## [Your assignment]
An exact transcription of all the records below is required, without any images.

## [Exercise input]
════════

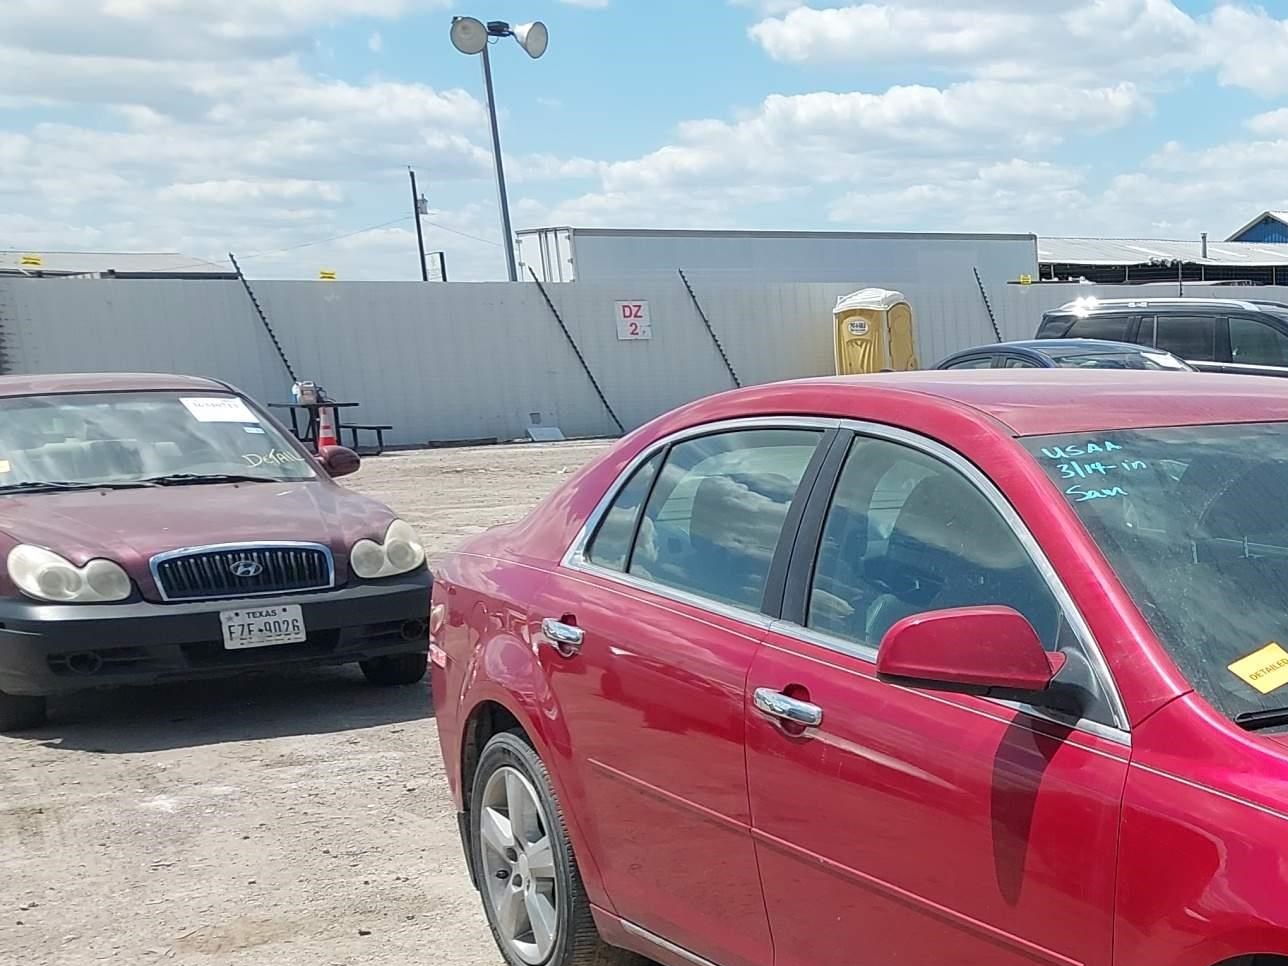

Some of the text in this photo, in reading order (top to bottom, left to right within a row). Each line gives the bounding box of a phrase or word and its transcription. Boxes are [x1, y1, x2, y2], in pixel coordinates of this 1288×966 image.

[622, 304, 643, 319] DZ
[629, 322, 640, 336] 2
[1041, 441, 1123, 459] USAA
[246, 609, 278, 619] TEXAS

════════

## [Exercise solution]
Some of the text in this photo, in reading order (top to bottom, left to right within a row). Each line gives the bounding box of a phrase or word and its transcription. Boxes are [x1, y1, x2, y2], in pixel coordinates of this 1288×966 image.

[622, 304, 643, 319] DZ
[629, 322, 640, 336] 2
[1041, 441, 1123, 459] USAA
[246, 609, 278, 619] TEXAS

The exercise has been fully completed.